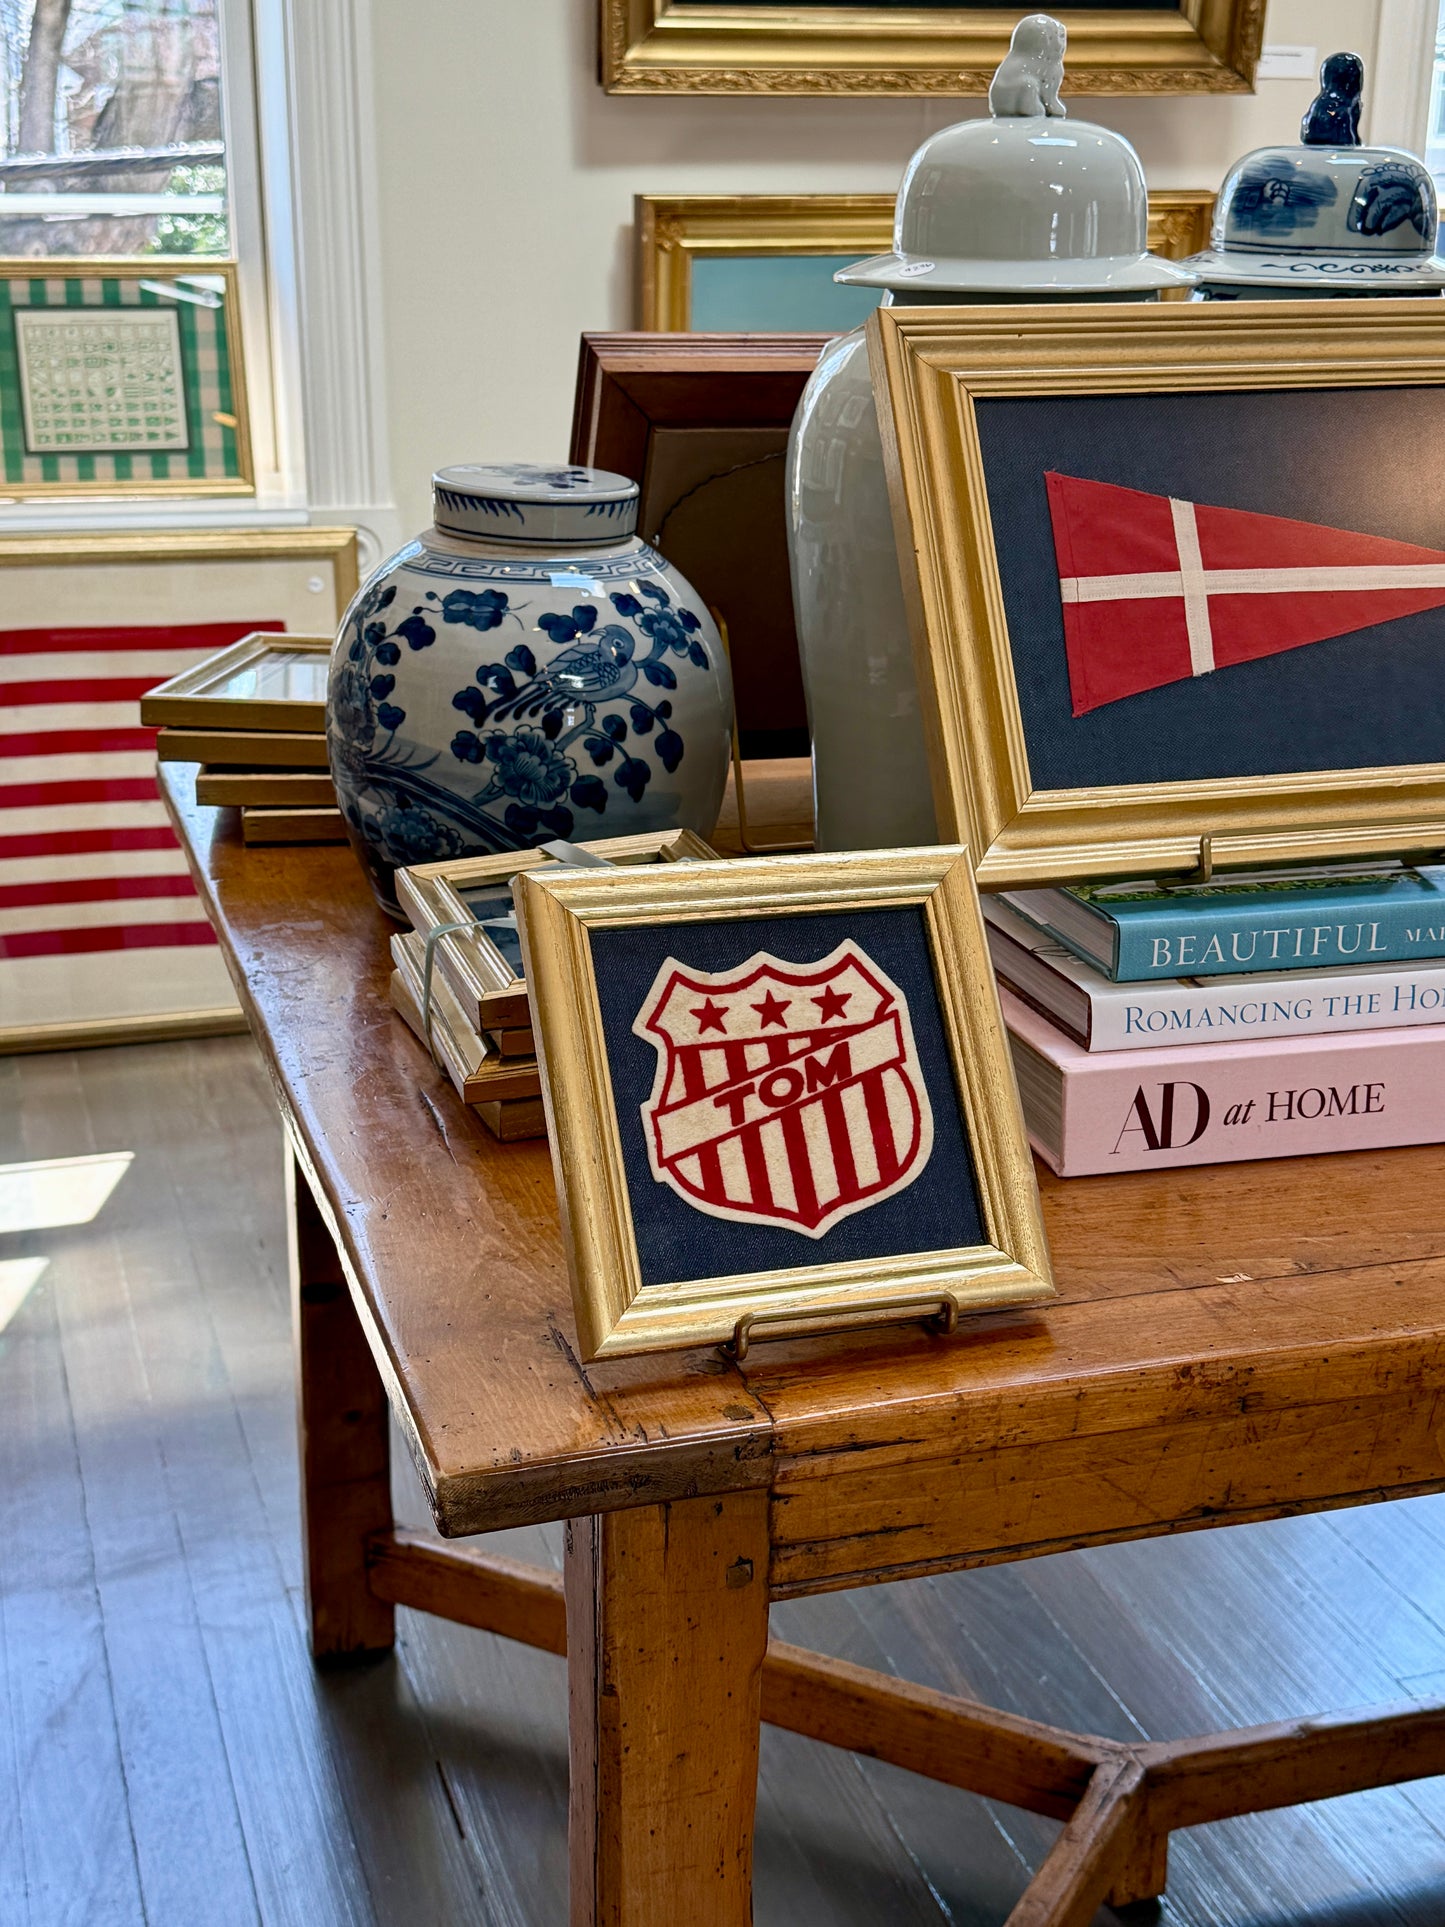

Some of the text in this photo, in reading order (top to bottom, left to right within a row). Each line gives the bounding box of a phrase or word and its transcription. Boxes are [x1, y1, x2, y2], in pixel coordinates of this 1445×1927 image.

[1150, 922, 1387, 968] BEAUTIFUL
[1124, 998, 1313, 1034] ROMANCING
[1323, 993, 1381, 1017] THE
[713, 1041, 852, 1127] TOM
[1108, 1081, 1386, 1155] AD at HOME
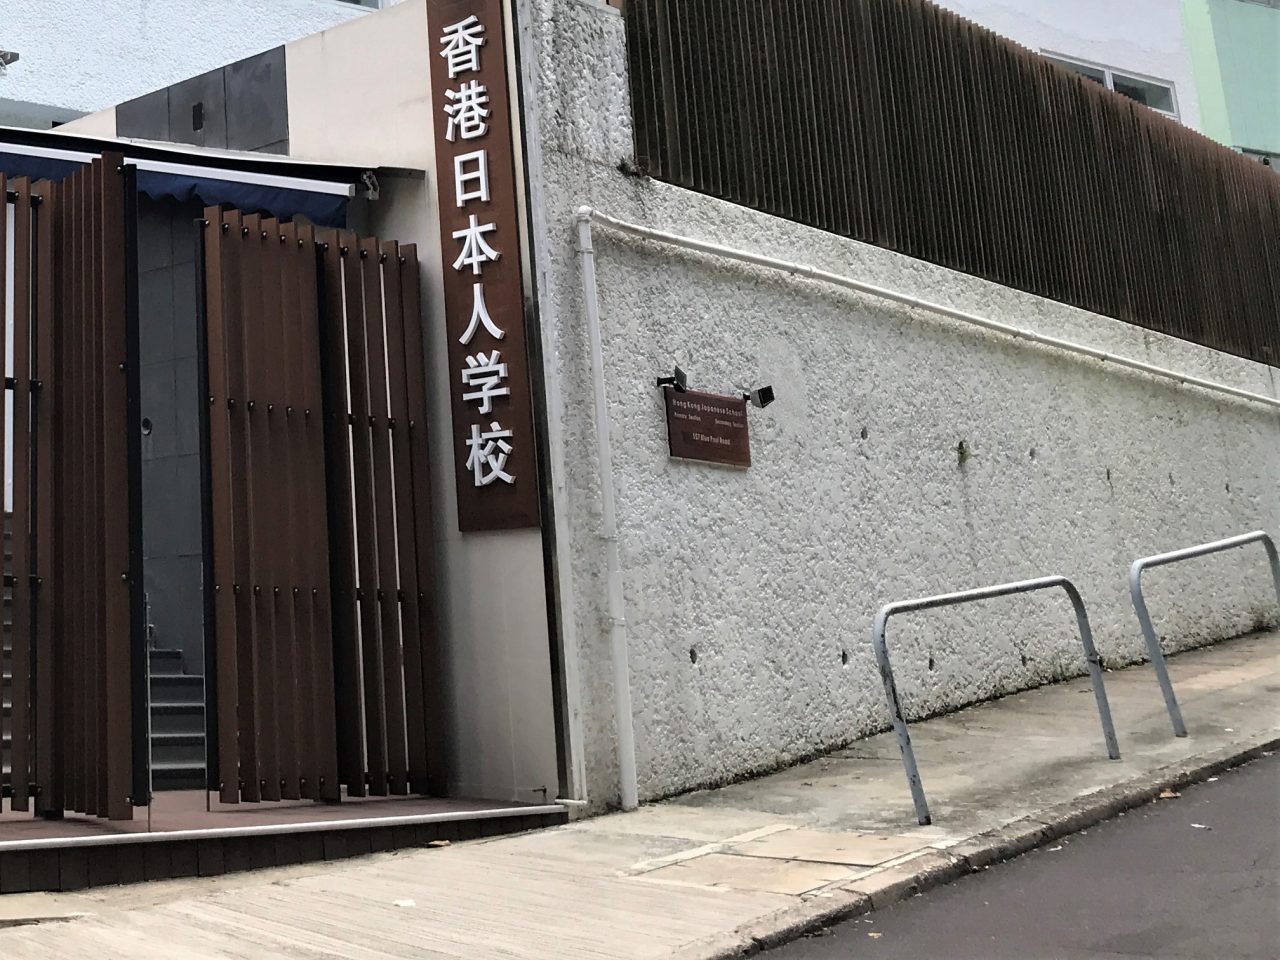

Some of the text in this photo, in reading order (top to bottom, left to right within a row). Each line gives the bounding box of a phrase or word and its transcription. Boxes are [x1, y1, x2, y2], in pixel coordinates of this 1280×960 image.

------------------------

This task asks for the data above repeated exactly, without a single picture.

Some of the text in this photo, in reading order (top to bottom, left to right within a row). Each line gives the bounding box of a phrase or word and its transcription. Boxes are [x1, y1, x2, y2], in pixel coordinates of this 1445×1927 image.

[1150, 922, 1387, 968] BEAUTIFUL
[1124, 998, 1313, 1034] ROMANCING
[1323, 993, 1381, 1017] THE
[713, 1041, 852, 1127] TOM
[1108, 1081, 1386, 1155] AD at HOME

Some of the text in this photo, in reading order (top to bottom, left to right within a row). Each line gives the bounding box of a phrase or word and its transcription. Boxes are [x1, y1, x2, y2], in pixel coordinates of this 1280×960 image.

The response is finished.